Suatu ketika, diperkirakan tahun 846 M, rombongan Ibnu Chardazabah, utusan Khalifah al-Mutawakkil dari Kerajaan Abbasiyah di Baghdad tiba di Tidore. Pada saat itu, di Tidore sedang terjadi pertikaian antar momole. Untuk meredakan dan menyelesaikan pertikaian tersebut, salah seorang anggota rombongan Ibnu Chardazabah, bernama Syech Yakub turun tangan dengan memfasilitasi perundingan yang disebut dengan Togorebo. Pertemuan disepakati di atas sebuah batu besar di kaki gunung Marijang. Kesepakatannya, momole yang tiba paling cepat ke lokasi pertemuan akan menjadi pemenang dan memimpin pertemuan. Dalam peristiwa itu, setiap momole yang sampai ke lokasi pertemuan selalu meneriakkan To ado re, karena merasa dialah yang datang pertama kali dan menjadi pemenang. Namun, ternyata beberapa orang momole yang bertikai tersebut tiba pada saat yang sama, sehingga tidak ada yang kalah dan menang. Berselang beberapa saat kemudian, Syech Yakub yang menjadi fasilitator juga tiba di lokasi dan berujar dengan dialek Iraknya: Anta thadore. Karena para momole datang pada saat yang bersamaan, maka tidak ada yang menjadi pemenang, akhirnya yang diangkat sebagai pemimpin adalah Syech Yakub. Konon, sejak saat itu mulai dikenal kata Tidore, kombinasi dari dua kata: Ta ado re dan Thadore. Demikianlah, kata Tidore akhirnya menggantikan kata Kie Duko dan menjadi nama sebuah kerajaan besar.
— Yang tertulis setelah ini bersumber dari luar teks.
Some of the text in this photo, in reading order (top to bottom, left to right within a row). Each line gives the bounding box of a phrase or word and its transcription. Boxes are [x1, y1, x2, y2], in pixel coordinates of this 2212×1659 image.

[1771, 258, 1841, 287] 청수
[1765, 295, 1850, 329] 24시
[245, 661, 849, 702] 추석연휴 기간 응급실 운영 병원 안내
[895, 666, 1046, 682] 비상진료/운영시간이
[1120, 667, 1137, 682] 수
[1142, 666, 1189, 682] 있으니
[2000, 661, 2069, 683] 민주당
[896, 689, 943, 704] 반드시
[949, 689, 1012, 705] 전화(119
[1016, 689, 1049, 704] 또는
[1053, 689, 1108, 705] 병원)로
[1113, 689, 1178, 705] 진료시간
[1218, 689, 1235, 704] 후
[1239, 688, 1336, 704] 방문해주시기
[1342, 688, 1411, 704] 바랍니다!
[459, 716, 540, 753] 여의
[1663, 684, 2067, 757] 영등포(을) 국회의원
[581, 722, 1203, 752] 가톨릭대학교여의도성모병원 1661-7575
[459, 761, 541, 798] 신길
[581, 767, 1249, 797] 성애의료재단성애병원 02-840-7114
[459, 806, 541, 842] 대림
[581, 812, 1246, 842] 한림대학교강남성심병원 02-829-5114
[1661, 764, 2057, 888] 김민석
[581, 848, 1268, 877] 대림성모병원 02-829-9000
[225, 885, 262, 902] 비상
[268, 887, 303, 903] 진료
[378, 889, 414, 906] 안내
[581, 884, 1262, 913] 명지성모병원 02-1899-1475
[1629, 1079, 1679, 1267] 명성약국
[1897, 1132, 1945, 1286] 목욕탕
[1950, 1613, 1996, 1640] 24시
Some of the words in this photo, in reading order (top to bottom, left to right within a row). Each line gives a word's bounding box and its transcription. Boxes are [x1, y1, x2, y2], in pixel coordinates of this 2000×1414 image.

Menurut catatan Kesultanan Tidore, kerajaan ini berdiri sejak Jou Kolano Sahjati naik tahta pada 12 Rabiul Awal 502 H (1108 M). Namun, sumber tersebut tidak menjelaskan secara jelas lokasi pusat kerajaan pada saat itu. Asal usul Sahjati bisa dirunut dari kisah kedatangan Djafar Noh dari negeri Maghribi di Tidore. Noh kemudian mempersunting seorang gadis setempat, bernama Siti Nursafa. Dari perkawinan tersebut, lahir empat orang putra dan empat orang putri. Empat putra tersebut adalah: Sahjati, pendiri kerajaan Tidore; Darajati, pendiri kesultanan Moti; Kaicil Buka, pendiri kesultanan Makian; Bab Mansur Malamo, pendiri kesultanan Ternate. Sedangkan empat orang putri adalah: Boki Saharnawi, yang menurunkan raja-raja Banggai; Boki Sadarnawi, yang menurunkan raja-raja Tobungku; Boki Sagarnawi, yang menurunkan raja-raja Loloda; dan Boki Cita Dewi, yang menurunkan Marsaoli dan Mardike. Kerajaan Tidore merupakan salah satu pilar yang membentuk Kie Raha, yang lainnya adalah Ternate, Makian dan Moti.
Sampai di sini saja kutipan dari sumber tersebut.